== YOUR ASSIGNMENT ==
Exactly as they stand, set down all of the records again.
----- RECORDS SUPPLIED -----
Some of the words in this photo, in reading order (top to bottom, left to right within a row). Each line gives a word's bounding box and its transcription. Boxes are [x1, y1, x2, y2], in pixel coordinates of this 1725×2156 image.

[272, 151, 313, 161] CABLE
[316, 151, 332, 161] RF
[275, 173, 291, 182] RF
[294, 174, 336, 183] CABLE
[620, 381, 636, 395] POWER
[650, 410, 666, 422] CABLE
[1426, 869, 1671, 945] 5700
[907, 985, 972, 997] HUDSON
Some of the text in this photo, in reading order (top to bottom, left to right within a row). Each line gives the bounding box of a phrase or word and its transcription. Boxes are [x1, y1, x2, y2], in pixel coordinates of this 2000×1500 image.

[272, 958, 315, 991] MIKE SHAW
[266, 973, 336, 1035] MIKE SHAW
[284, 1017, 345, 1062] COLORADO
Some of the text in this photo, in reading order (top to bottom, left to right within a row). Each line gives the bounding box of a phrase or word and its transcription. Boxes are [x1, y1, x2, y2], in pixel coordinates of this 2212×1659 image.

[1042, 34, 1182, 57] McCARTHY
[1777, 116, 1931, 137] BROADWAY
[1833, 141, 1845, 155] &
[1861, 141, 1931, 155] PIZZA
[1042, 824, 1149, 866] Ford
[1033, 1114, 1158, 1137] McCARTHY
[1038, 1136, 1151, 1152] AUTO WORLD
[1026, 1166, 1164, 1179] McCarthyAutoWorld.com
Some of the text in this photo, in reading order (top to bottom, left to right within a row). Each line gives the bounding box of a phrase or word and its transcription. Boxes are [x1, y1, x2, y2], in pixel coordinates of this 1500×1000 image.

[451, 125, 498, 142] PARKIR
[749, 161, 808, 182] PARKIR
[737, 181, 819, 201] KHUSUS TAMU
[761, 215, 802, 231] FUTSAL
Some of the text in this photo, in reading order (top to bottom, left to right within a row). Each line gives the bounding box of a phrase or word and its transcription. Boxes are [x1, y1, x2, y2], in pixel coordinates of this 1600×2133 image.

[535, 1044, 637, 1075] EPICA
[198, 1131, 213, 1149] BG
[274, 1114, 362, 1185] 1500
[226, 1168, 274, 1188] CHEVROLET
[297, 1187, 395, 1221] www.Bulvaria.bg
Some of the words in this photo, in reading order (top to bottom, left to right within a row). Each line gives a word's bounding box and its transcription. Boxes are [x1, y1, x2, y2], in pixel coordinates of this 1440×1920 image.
-----
== EXERCISE OUTPUT ==
Some of the words in this photo, in reading order (top to bottom, left to right within a row). Each line gives a word's bounding box and its transcription. Boxes are [x1, y1, x2, y2], in pixel coordinates of this 1725×2156 image.

[272, 151, 313, 161] CABLE
[316, 151, 332, 161] RF
[275, 173, 291, 182] RF
[294, 174, 336, 183] CABLE
[620, 381, 636, 395] POWER
[650, 410, 666, 422] CABLE
[1426, 869, 1671, 945] 5700
[907, 985, 972, 997] HUDSON
Some of the text in this photo, in reading order (top to bottom, left to right within a row). Each line gives the bounding box of a phrase or word and its transcription. Boxes are [x1, y1, x2, y2], in pixel coordinates of this 2000×1500 image.

[272, 958, 315, 991] MIKE SHAW
[266, 973, 336, 1035] MIKE SHAW
[284, 1017, 345, 1062] COLORADO
Some of the text in this photo, in reading order (top to bottom, left to right within a row). Each line gives the bounding box of a phrase or word and its transcription. Boxes are [x1, y1, x2, y2], in pixel coordinates of this 2212×1659 image.

[1042, 34, 1182, 57] McCARTHY
[1777, 116, 1931, 137] BROADWAY
[1833, 141, 1845, 155] &
[1861, 141, 1931, 155] PIZZA
[1042, 824, 1149, 866] Ford
[1033, 1114, 1158, 1137] McCARTHY
[1038, 1136, 1151, 1152] AUTO WORLD
[1026, 1166, 1164, 1179] McCarthyAutoWorld.com
Some of the text in this photo, in reading order (top to bottom, left to right within a row). Each line gives the bounding box of a phrase or word and its transcription. Boxes are [x1, y1, x2, y2], in pixel coordinates of this 1500×1000 image.

[451, 125, 498, 142] PARKIR
[749, 161, 808, 182] PARKIR
[737, 181, 819, 201] KHUSUS TAMU
[761, 215, 802, 231] FUTSAL
Some of the text in this photo, in reading order (top to bottom, left to right within a row). Each line gives the bounding box of a phrase or word and its transcription. Boxes are [x1, y1, x2, y2], in pixel coordinates of this 1600×2133 image.

[535, 1044, 637, 1075] EPICA
[198, 1131, 213, 1149] BG
[274, 1114, 362, 1185] 1500
[226, 1168, 274, 1188] CHEVROLET
[297, 1187, 395, 1221] www.Bulvaria.bg
Some of the words in this photo, in reading order (top to bottom, left to right within a row). Each line gives a word's bounding box and its transcription. Boxes are [x1, y1, x2, y2], in pixel coordinates of this 1440×1920 image.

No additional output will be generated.